The Lost Art of Comforting the Mourners

If you are an American, you may not be very good at this.

If you are an American Christian, you are likely not very good at this.

If you are an American Christian Parent, you might have reached the tragedy response trifecta, and have inadvertently added to someone’s suffering. Maybe it was your own child. This was undoubtedly the last thing you wanted to do. But you did. I did. We do.

Why are we so bad at this? Why, when we come across someone who is experiencing great sorrow, do we become the spiritual version of the silver lining? Sentences come flying out of our mouths that sound something like . . .

“Well, at least (insert something worse) didn’t happen.”
“He’s in a better place.”
“God must have needed this to happen in order for someone to come to Christ.” (Which is absurd, but people say this stuff!)

It doesn’t have to be the death of a loved one, although that is the most obvious scenario. We also do this when people lose jobs and lifelong dreams.
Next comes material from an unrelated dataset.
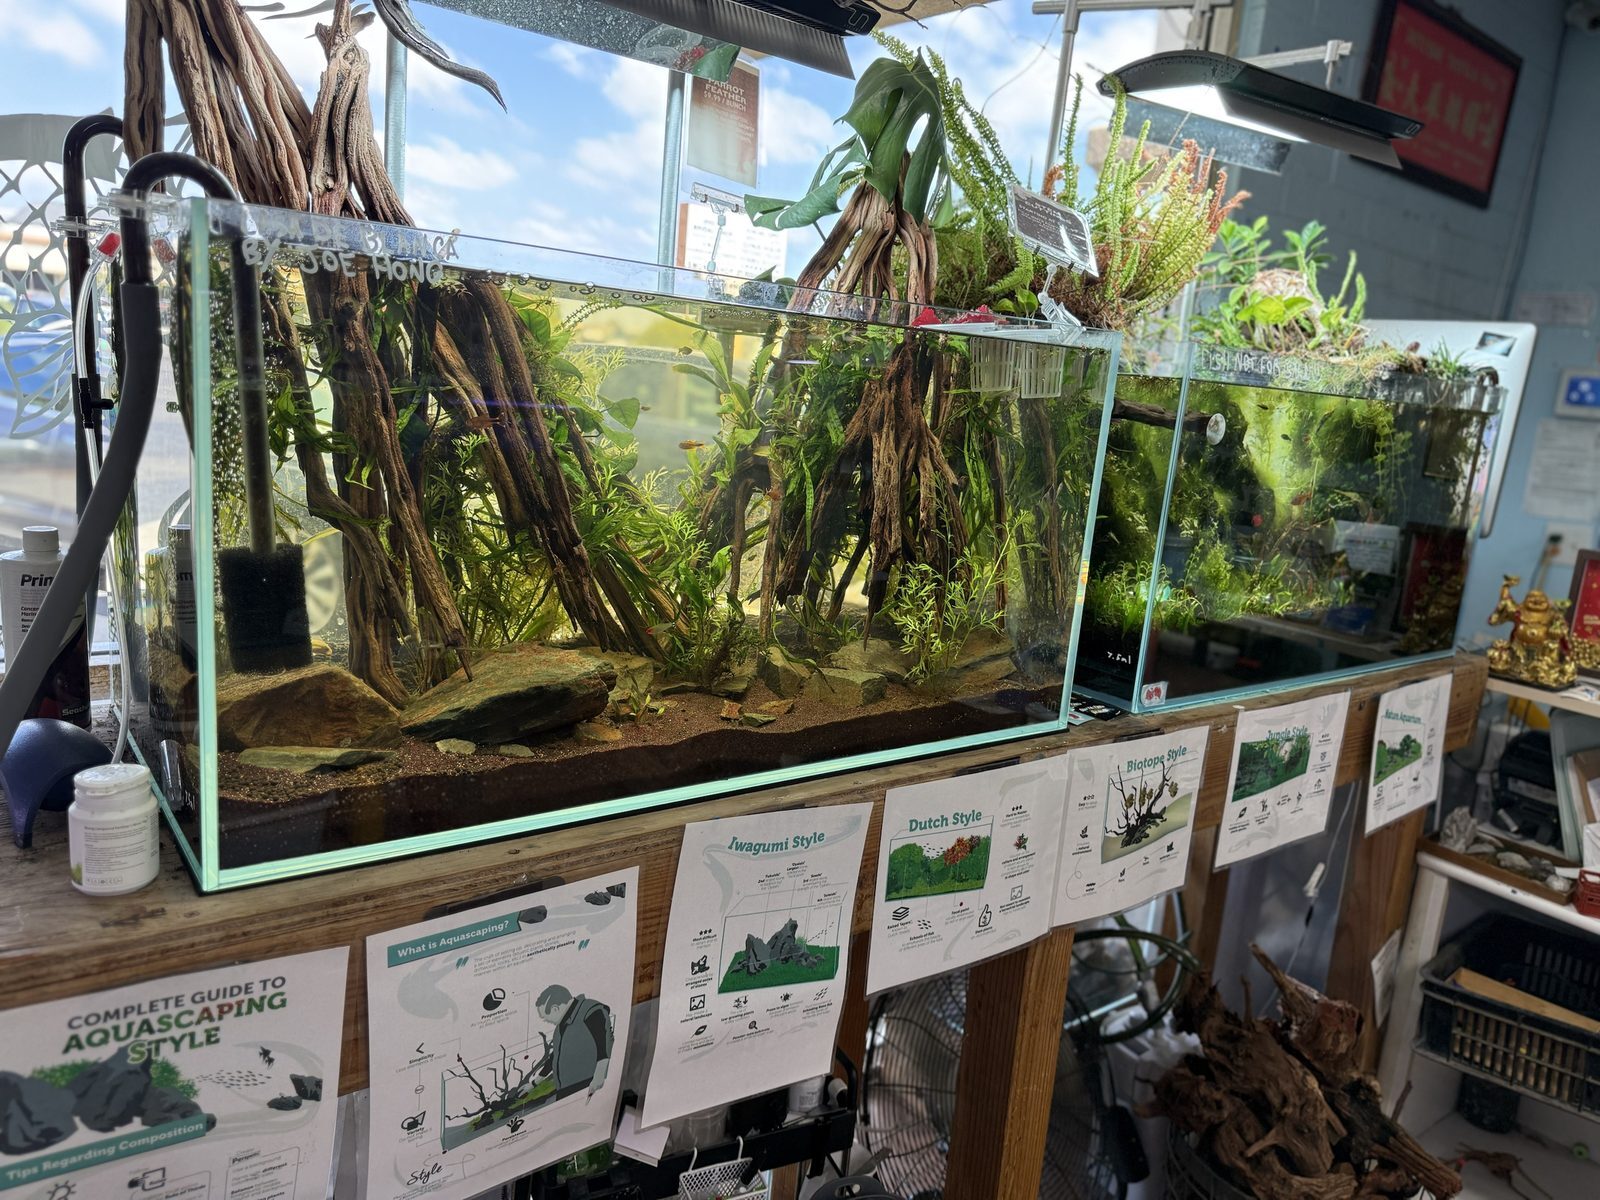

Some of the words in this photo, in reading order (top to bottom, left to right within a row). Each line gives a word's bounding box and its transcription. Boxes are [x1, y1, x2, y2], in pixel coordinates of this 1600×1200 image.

Something takes hold of us and we feel compelled to say something to make this occurrence seem not so bad. It’s too painful to look at for what it is. And we’re not even the primary ones it is happening to.

What are we doing?

Chuck Swindoll tells a story in his book Killing Giants, Pulling Thorns about “a little girl who lost a playmate in death and one day reported to her family that she had gone to comfort the sorrowing mother.

‘What did you say?’ asked her father.

‘Nothing,’ she replied. ‘I just climbed up on her lap and cried with her.'”

Are you blessed with a friend like that? Who can come alongside and just be with you in your pain? Who doesn’t minimize it, or try to get you to look on the bright side? Did you, or do you, have a parent like that, who can resist the urge to make you see the “bigger picture”?

A man named Joe lost three of his children. In his book, The View from a Hearse, Joe writes: “I was sitting, torn by grief. Someone came and talked to me of God’s dealings, of why it happened, of hope beyond the grave. He talked constantly. He said things I knew were true. I was unmoved, except to wish he’d go away. He finally did. Another came and sat beside me. He didn’t talk. He didn’t ask me leading questions. He just sat beside me for an hour or more, listened when I said something, answered briefly, prayed simply, left. I was moved. I was comforted. I hated to see him go.”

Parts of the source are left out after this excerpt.